Но вернемся к нам. Позагорать на пляже, скушать вечером паэлью, прокатиться на водных лыжах — это прекрасно. Но если заодно мы узнаем, что на этом же пляже высадились когда-то на берег Морато Арраес или Барбаросса, что благодаря этой разрушенной башне спаслись от плена и рабства женщины и дети ближнего поселения, что в бухте неподалеку пополнял запасы пресной воды Драгут[37], а наводивший ужас на окрестности Хардин-Черт[38], спрятавшись вон за тем мысом, выслеживал неосторожные местные суда, — разве это место не станет для нас осмысленнее, удивительнее и еще прекраснее? И тогда мы будем чуть-чуть менее глупыми и чуть-чуть просвещеннее и лучше поймем, что мы таковы, каковы есть в радости и в печали, потому что были такими, какими были. Так что, если вам хочется чего-то большего, нежели киснуть целыми днями на солнце, вымазавшись с головы до ног маслом для загара, если хочется ощутить, как по спине пробегает холодок всякий раз, когда в море мелькнет белый парус, полистайте «Дорогами корсаров» и узнайте, почем несколько веков назад был фунт лиха — когда ты засыпал на пляже, а просыпался в Алжире.
Без короля и хозяина
Несколько недель назад я упомянул в своей колонке брата Караччоло и капитана Миссона — славных пиратов индийских морей. И кое-кто из моих приятелей, заинтересовавшись этими персонажами, стал расспрашивать меня о том, что это были за птицы и каким ветром надуло мне эпитет «славные», хотя каждому известно, что пират по определению — самая что ни на есть сволочь, которая грабит, насилует и убивает; общеизвестно также, что начинают с этого, а кончают вообще черт знает чем. То за Пепе[39] проголосует, то к девятнадцати прикупит.

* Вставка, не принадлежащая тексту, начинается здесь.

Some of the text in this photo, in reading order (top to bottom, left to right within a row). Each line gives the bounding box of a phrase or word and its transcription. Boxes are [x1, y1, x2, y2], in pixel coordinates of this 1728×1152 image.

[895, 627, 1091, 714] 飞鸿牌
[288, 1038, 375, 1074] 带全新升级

Так что я вам все же расскажу историю про эту парочку, жившую как раз на рубеже веков — XVII и XVIII. Караччоло, неаполитанский монах-доминиканец, был малость трехнутый: прочитав однажды «Утопию» Томаса Мора, он возмечтал об идеальной республике, где бы такое было либерте-эгалите-фратерните, что комар носу не подточит. В одну прекрасную ночь, в таверне, где было много вина и потаскух, судьба свела его с офицером французского военно-морского флота по имени Миссон — человеком молодым и довольно образованным: как и многие моряки того времени, разбирался в философии, логике, риторике и прочих гуманитарных дисциплинах, которые сейчас нафиг никому не сдались, а в те времена обладали и ценностью, и прелестью. Они вместе прошли курс интоксикации этиловым спиртом, а потом совершили взаимовыгодный обмен: монах убедил моряка, что утопия осуществима, а моряк устроил монаха на свой корабль, носивший имя «Виктория». Некоторое время они поплавали под командой капитана Фурбена, пока не оказались у Антильских островов, где после боя с неизбежно-вездесущими англичанами капитан умер от ран, а Караччоло, обладавший могучим даром убеждения и пророчества, уговорил экипаж взять себе в новые начальники Миссона да и податься во флибустьеры, а французского короля и весь его флот послать подальше.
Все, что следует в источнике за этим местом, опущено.